You don’t get it until you do it.
Several times I’ve called my dear friends (who all had kids before me), simply to say, “I’m sorry… I just didn’t know!!!”
Some habits that toddler moms (and I suspect any-stage moms!) might employ to make it through unscathed are…. less than lovely. And the time has come for me to confess a few of mine to you, Dear Reader.
Just please — someone, anyone, tell me that you know what I am talking about…
– I hand my toddler random items while shopping in Target to keep him occupied and happy. Worse? I simply discard said items to the nearest shelf when he bores of them. (I’m sorry, Target employees of America…)
– I have been known to have apple peel, PB&J crusts and a fistful of rejected raisins for “lunch.”
– When Dad is home, I may have once or twice feigned nature’s call to merely sit behind a closed door for a minute. #or10
– Aside from my 20-Minute Cleaning Ritual, I do not believe in accomplishing anything meaningful during nap time. That is sacred ground for ice cream consumption, blog reading and Modern Family viewing. Well…. maybe some Beautycounter work — but that’s not work, it’s fun.

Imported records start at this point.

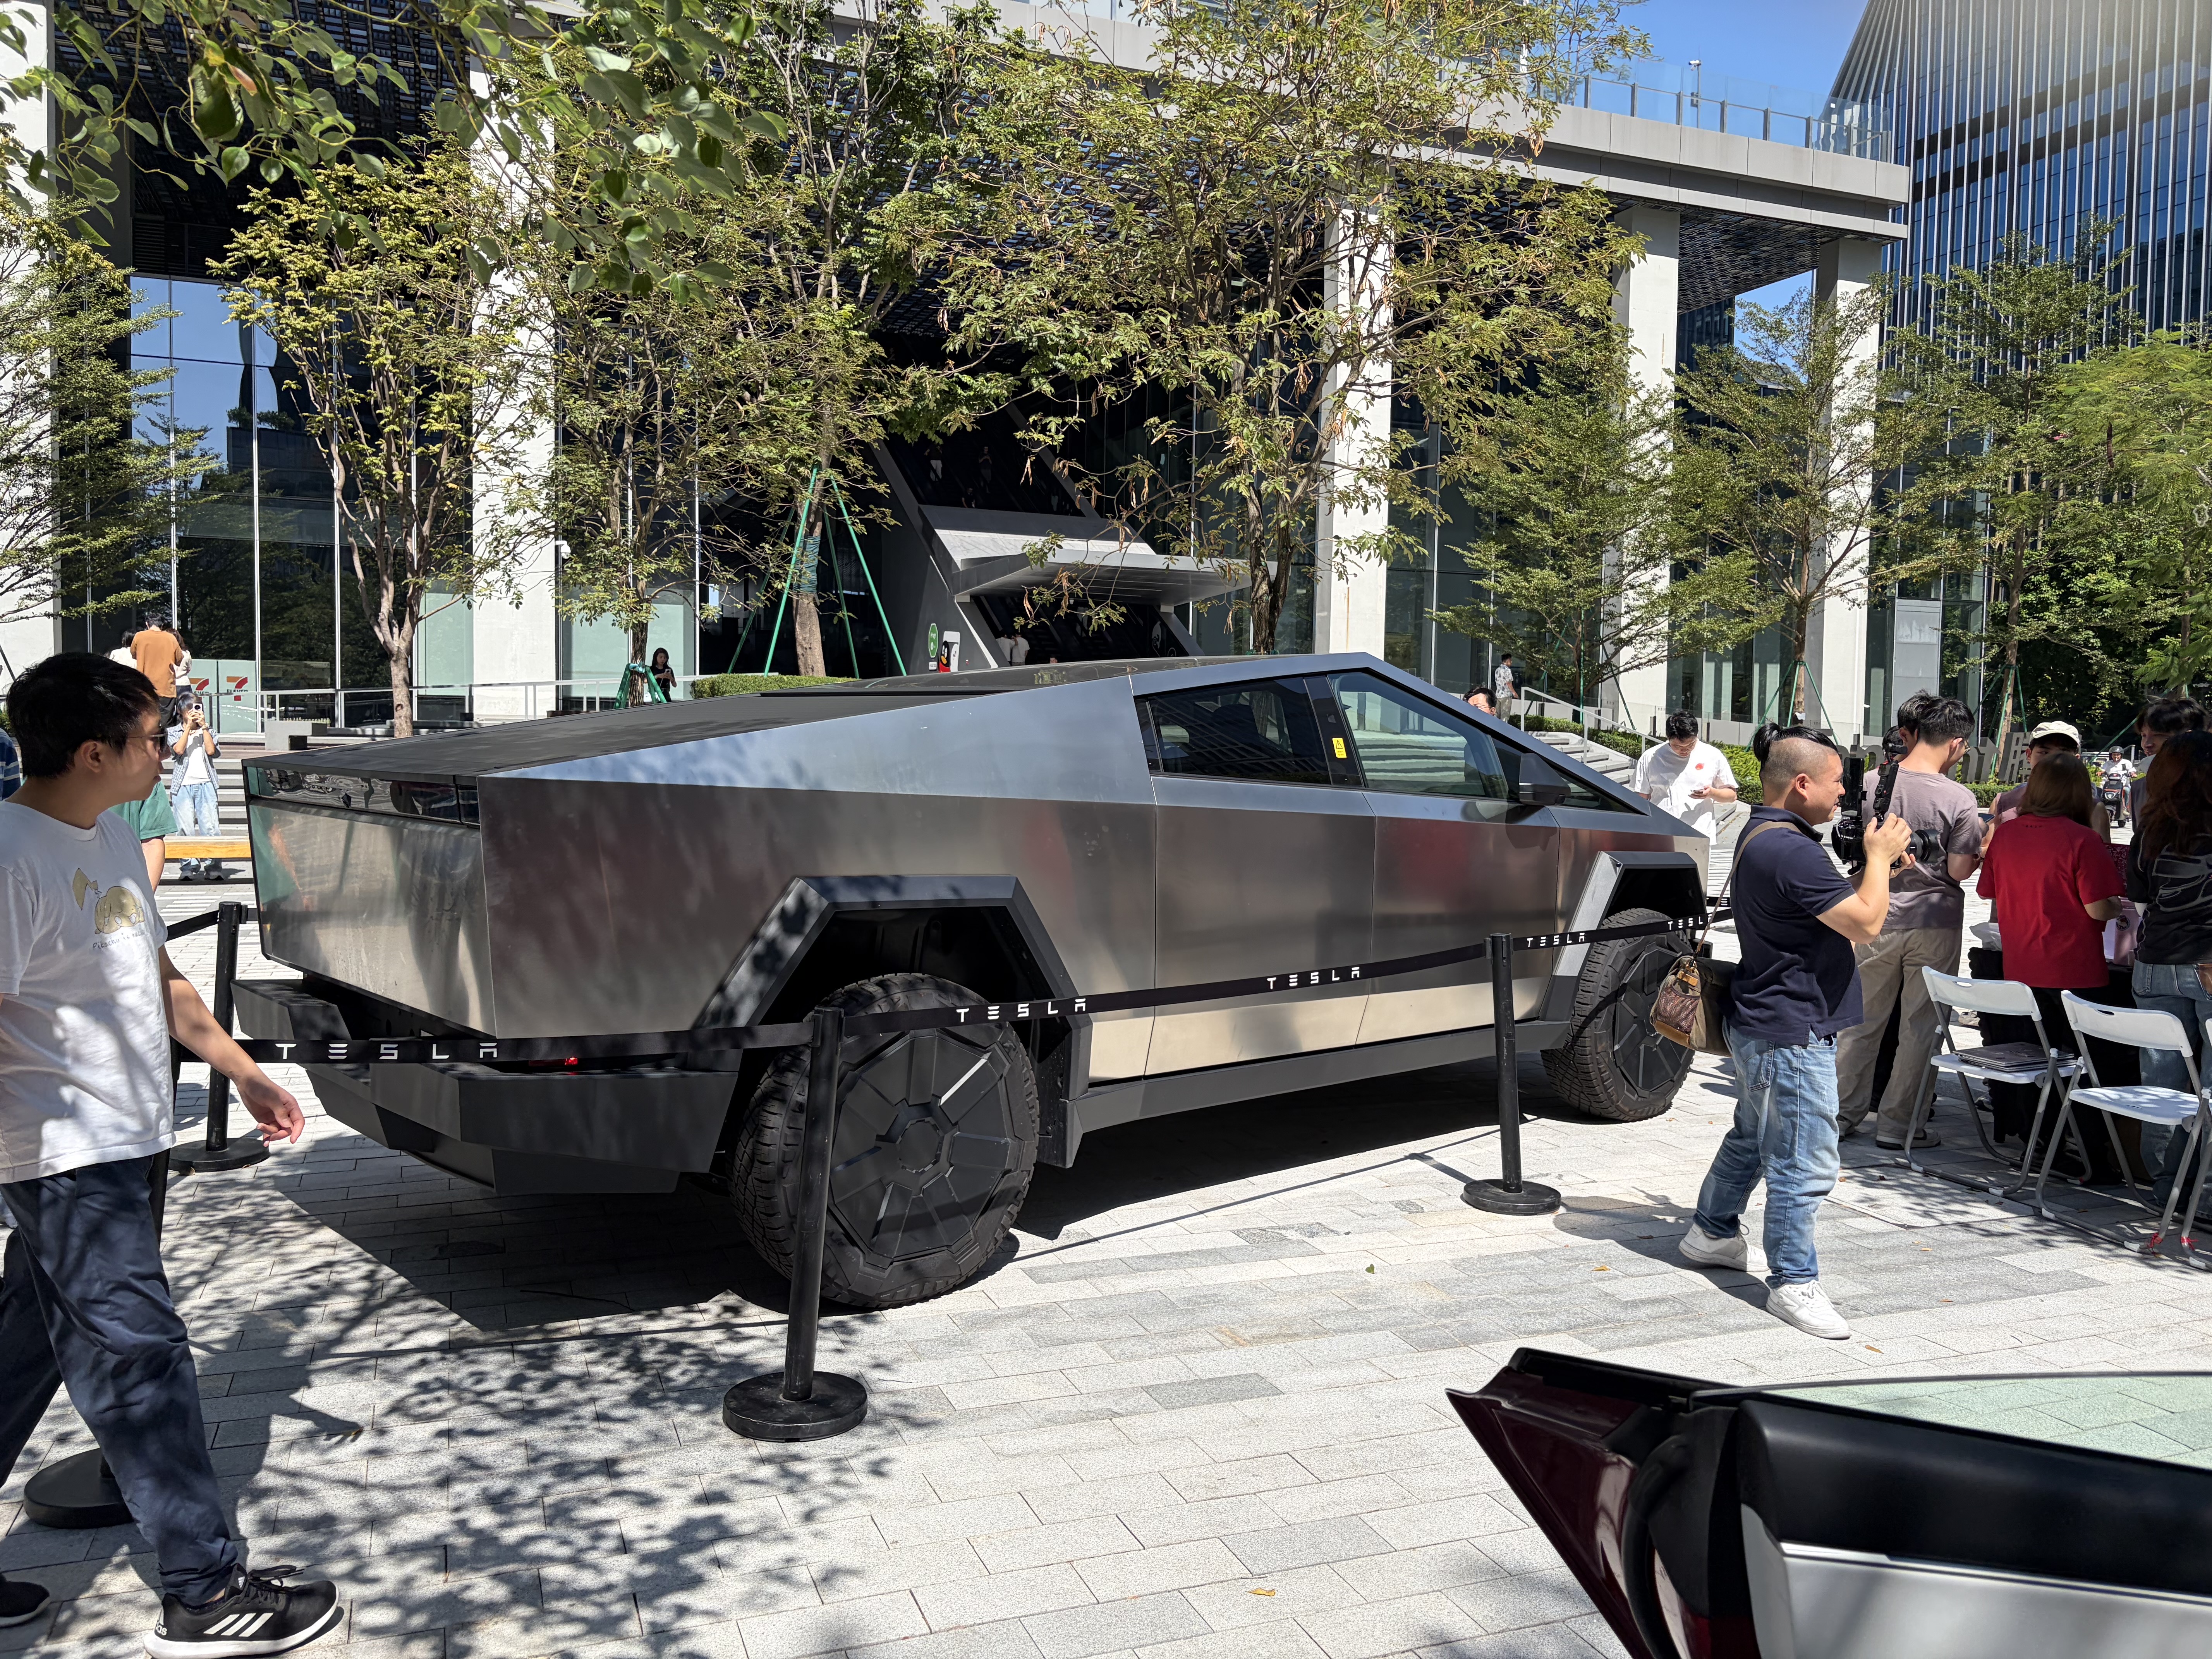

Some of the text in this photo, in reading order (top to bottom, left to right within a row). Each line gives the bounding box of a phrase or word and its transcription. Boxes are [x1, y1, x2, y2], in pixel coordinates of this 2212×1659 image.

[227, 676, 248, 701] 7
[93, 937, 120, 950] Pikachu
[121, 932, 130, 940] is
[1527, 933, 1585, 948] TESLA
[1267, 967, 1360, 989] TESLA
[956, 998, 1086, 1022] TESLA
[275, 1042, 497, 1060] TESLA

– I am now that bizarre person who rises without difficulty at 6:00 a.m. for the mere pleasure of drinking a whole cup of coffee while it is hot. College-version Rebecca is appalled.
– Once in a rare while, I might put my tiny beloved in the gym’s childcare….. then camp in the cafe, read a book and drinking a smoothie. (It’s cool, it’s cool – the smoothie is green, so it’s basically a workout.)

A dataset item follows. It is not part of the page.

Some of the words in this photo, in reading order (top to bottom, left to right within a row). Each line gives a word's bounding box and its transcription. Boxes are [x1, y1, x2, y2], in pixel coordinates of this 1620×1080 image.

-My 2-year-old can open my iPhone AND navigate to his ABC game. *Cringe.
– In conjunction with the previous admission, my iPhone has a cracked screen…
– My belief in folding kids’ clothes is faltering.
– The verdict is out on whether I believe in folding my own clothes.
– I once called the dog “Peppa Pig”.
I would never trade this wonderful and blessed job.
What can you dish??? Time to ‘fess up!